**WHAT YOU NEED TO DO**
Drop every picture, then print the rest of the listing exactly as given.
*** RECORDS FOR THE TASK Section Begins ***
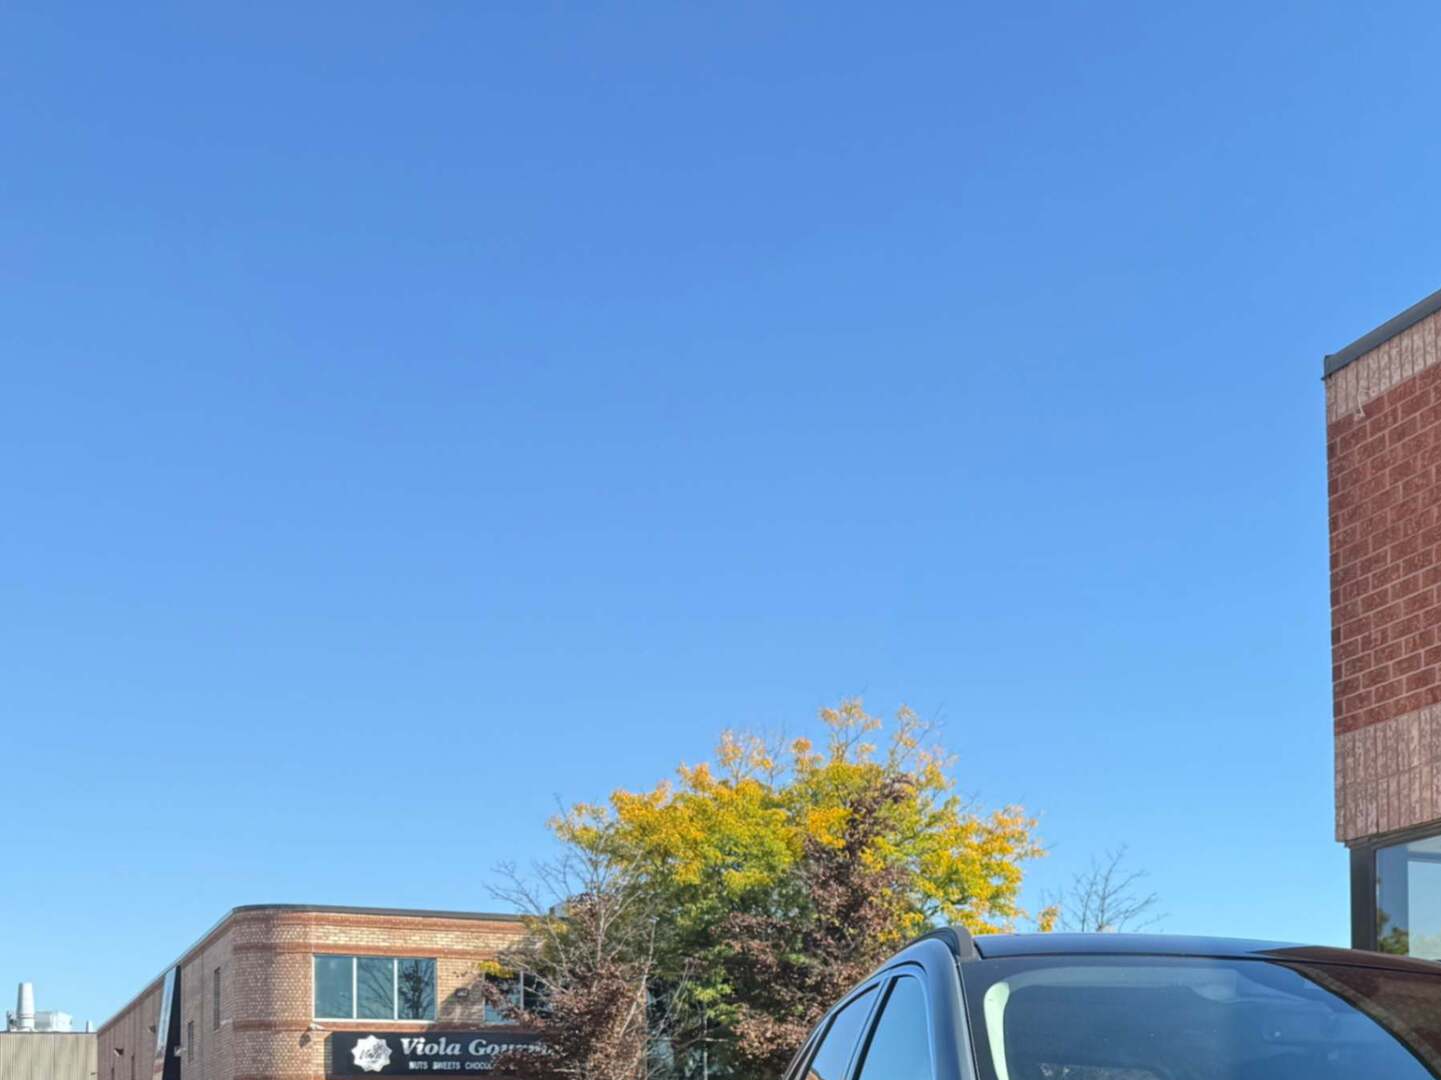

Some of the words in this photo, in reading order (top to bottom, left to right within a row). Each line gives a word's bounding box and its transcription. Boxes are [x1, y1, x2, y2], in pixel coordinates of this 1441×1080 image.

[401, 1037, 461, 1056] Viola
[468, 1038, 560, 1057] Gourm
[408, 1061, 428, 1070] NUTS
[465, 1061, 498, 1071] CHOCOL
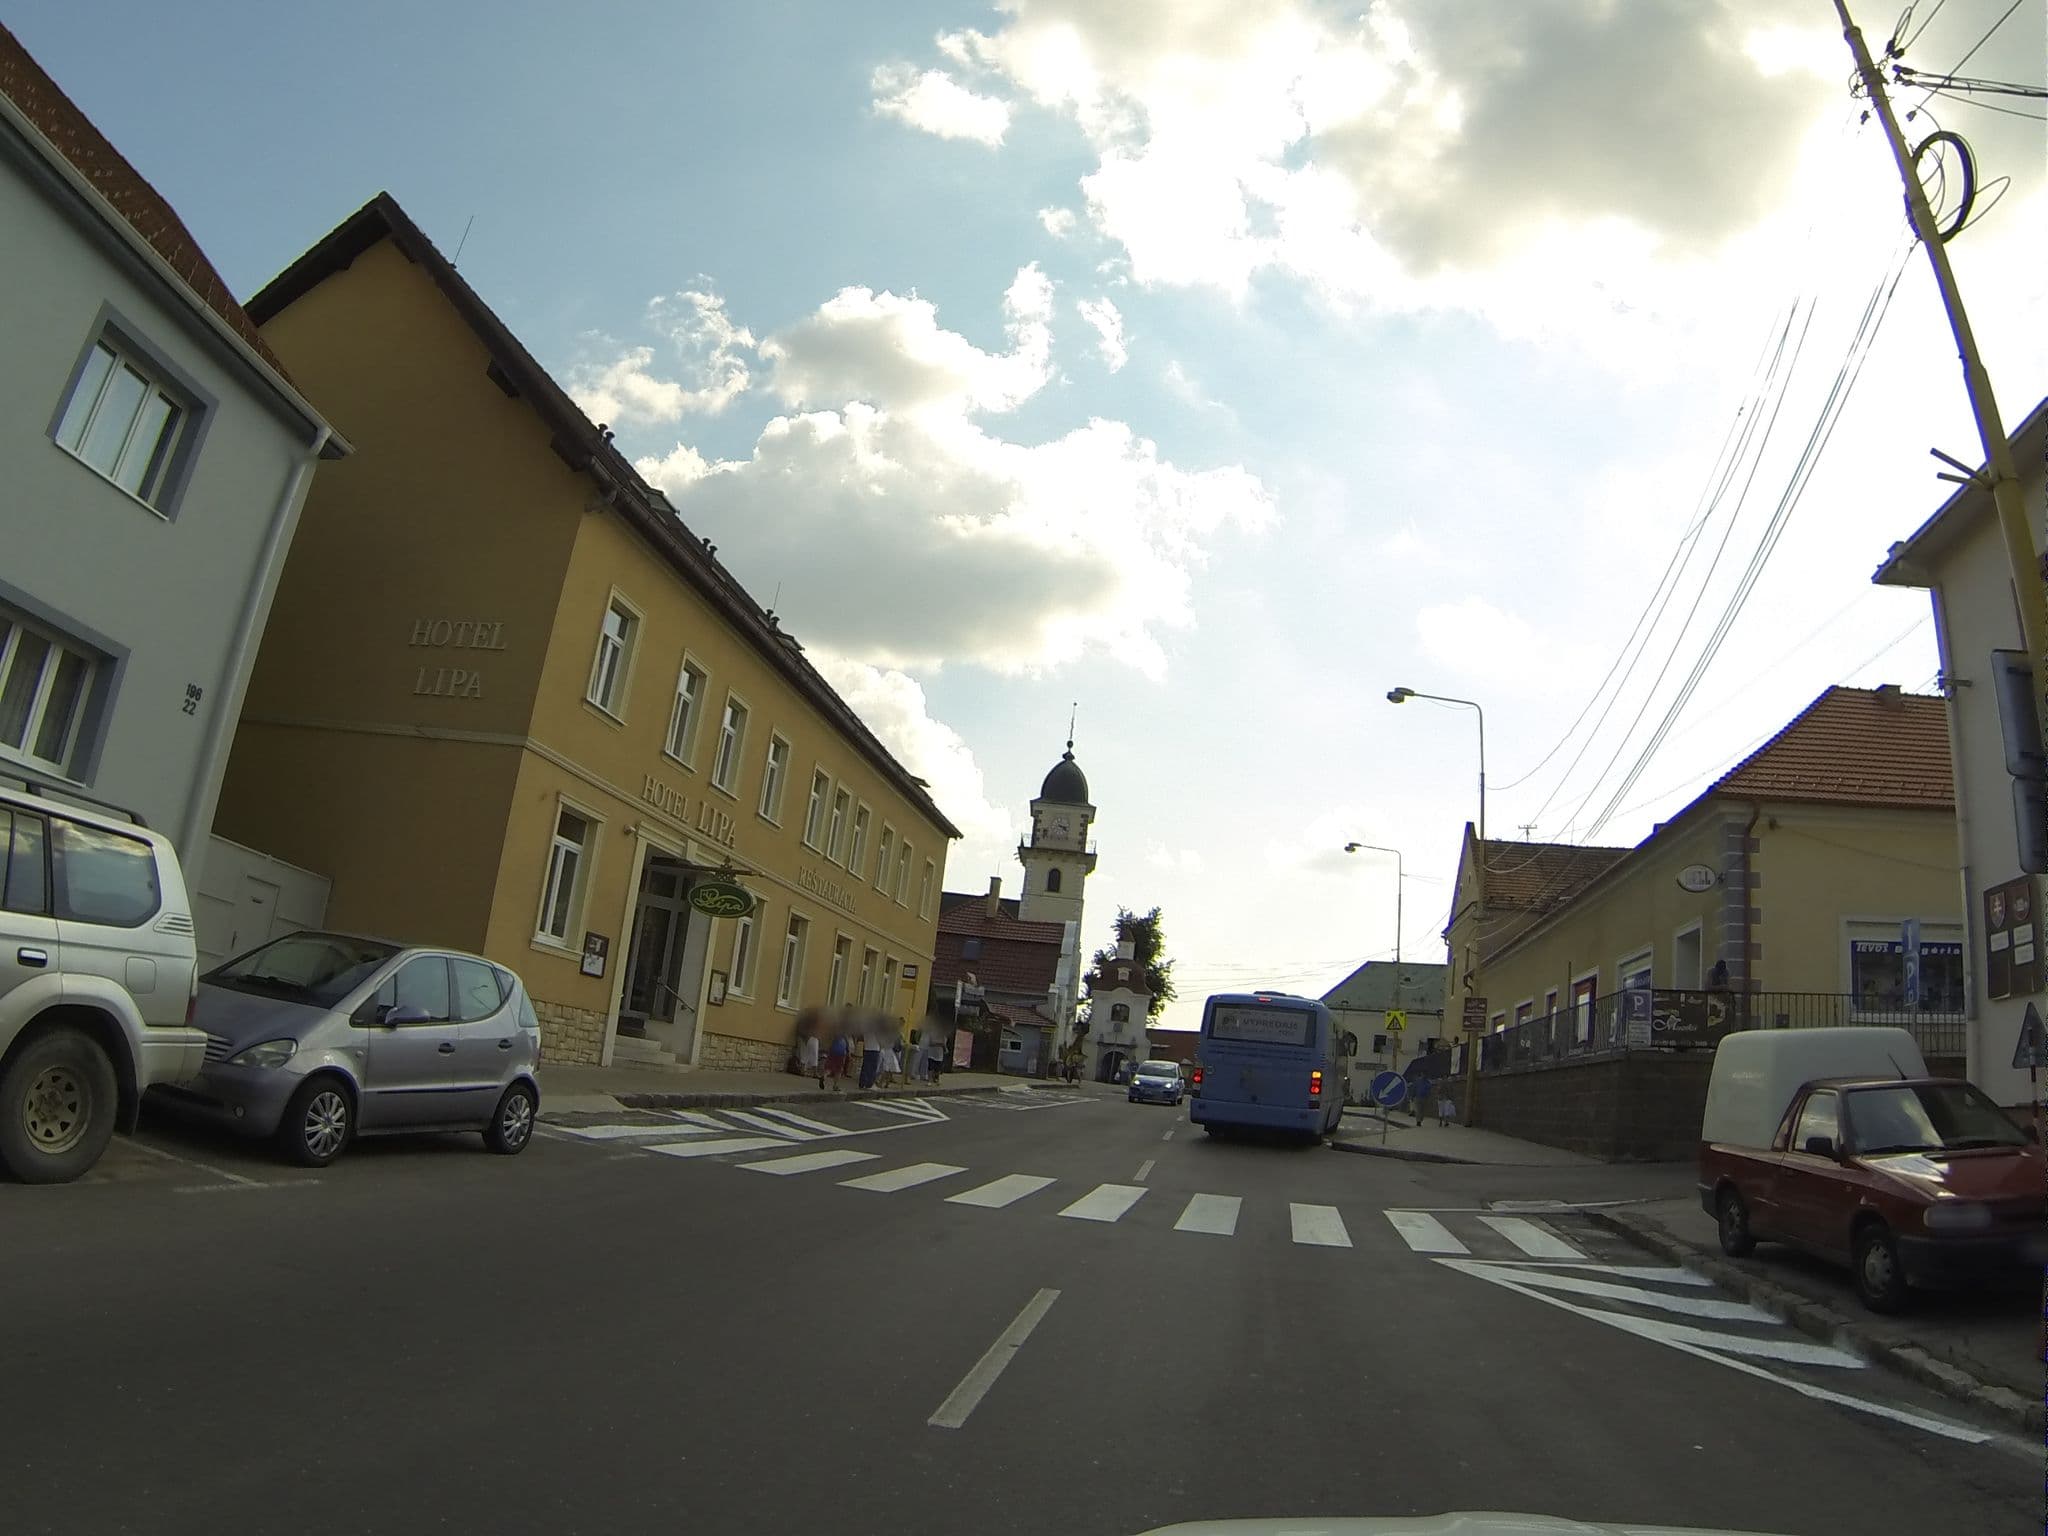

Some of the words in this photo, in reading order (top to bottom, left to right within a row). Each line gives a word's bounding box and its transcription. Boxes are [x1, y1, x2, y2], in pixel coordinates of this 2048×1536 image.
*** RECORDS FOR THE TASK Section Ends ***
**RESPONSE AREA**
Some of the words in this photo, in reading order (top to bottom, left to right within a row). Each line gives a word's bounding box and its transcription. Boxes are [x1, y1, x2, y2], in pixel coordinates of this 1441×1080 image.

[401, 1037, 461, 1056] Viola
[468, 1038, 560, 1057] Gourm
[408, 1061, 428, 1070] NUTS
[465, 1061, 498, 1071] CHOCOL

Some of the words in this photo, in reading order (top to bottom, left to right within a row). Each line gives a word's bounding box and its transcription. Boxes are [x1, y1, x2, y2], in pixel coordinates of this 2048×1536 image.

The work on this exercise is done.